Before the rule was even announced virtually every major oil company, power utility and steel manufacturer in the nation had banded together as the "Air Quality Standards Coalition," with the avowed goal of killing the new clean air rule.

The administration proposal is supported "by an overwhelming majority of independent scientists who reviewed the standard for EPA, based on 86 new health studies that indicate the need for a stronger standard," according to the agency. The polluter coalition has dismissed this EPA review and gone on the attack.

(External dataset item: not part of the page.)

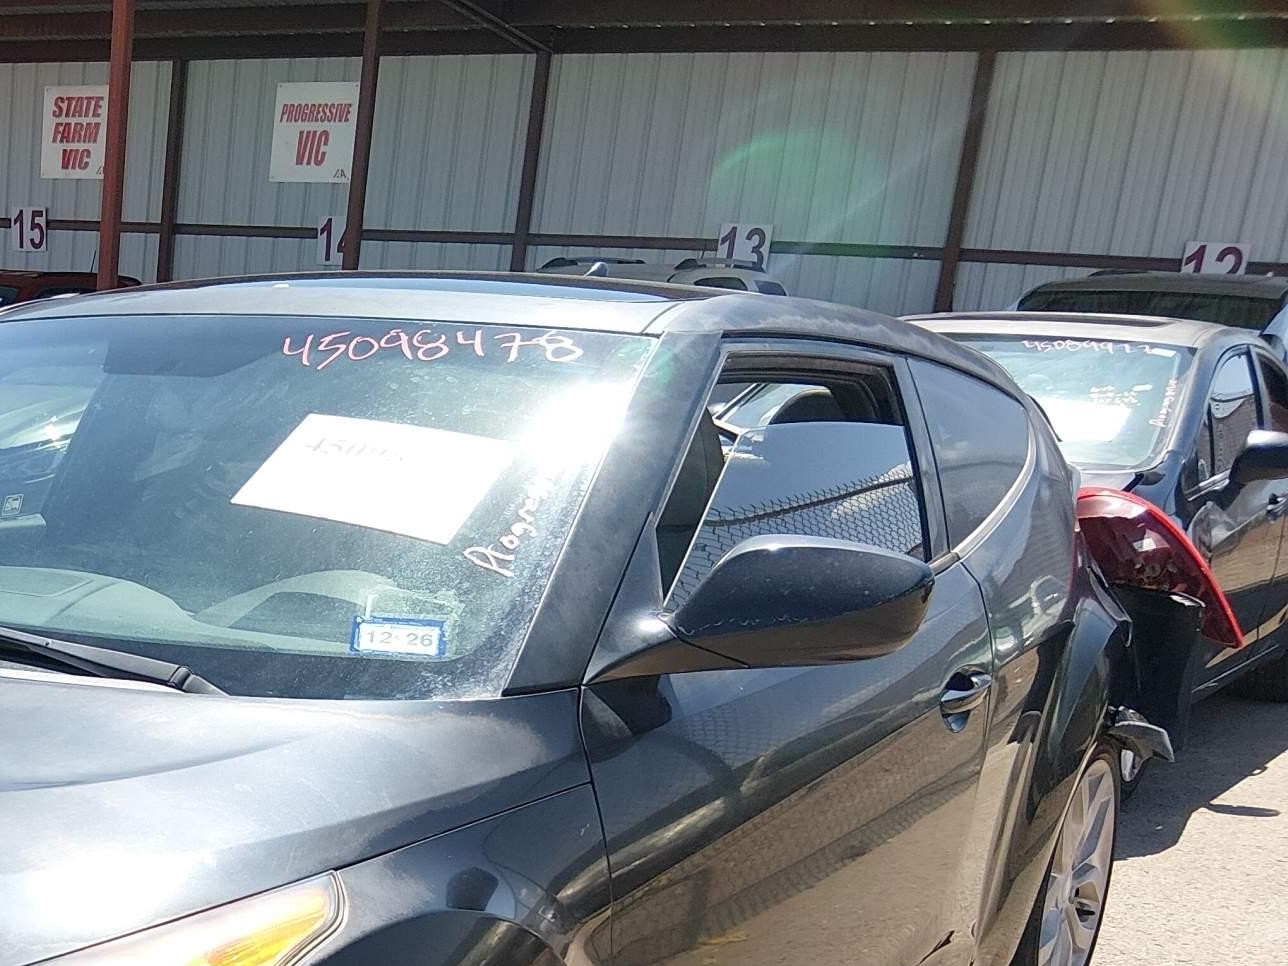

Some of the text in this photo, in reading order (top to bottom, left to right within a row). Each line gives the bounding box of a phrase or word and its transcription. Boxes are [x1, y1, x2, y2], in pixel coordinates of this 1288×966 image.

Congressional opponents of the rule may seek to block it, using a new law designed to protect small business, or through a legislative rider. Air quality will also be a major issue in this year's reauthorization of the multi-billion dollar transportation law (the Intermodal Surface Transportation Efficiency Act, ISTEA).

The Need for Public Comment

Release of the proposed rule marked the beginning of a public comment period where "EPA will seek broad public comment on its recommended approach and on the need for any changes to the particulate matter [and ozone] proposal." (EPA 1996d).

The premise of this study is that the public has a right to know, and an obligation to comment on, the public health strengths and shortcomings of the particulate pollution proposal. Questions about how much particulate pollution will be reduced, how much illness will be prevented, and how many lives will be saved, ultimately are moral and political questions that demand broad public awareness and input.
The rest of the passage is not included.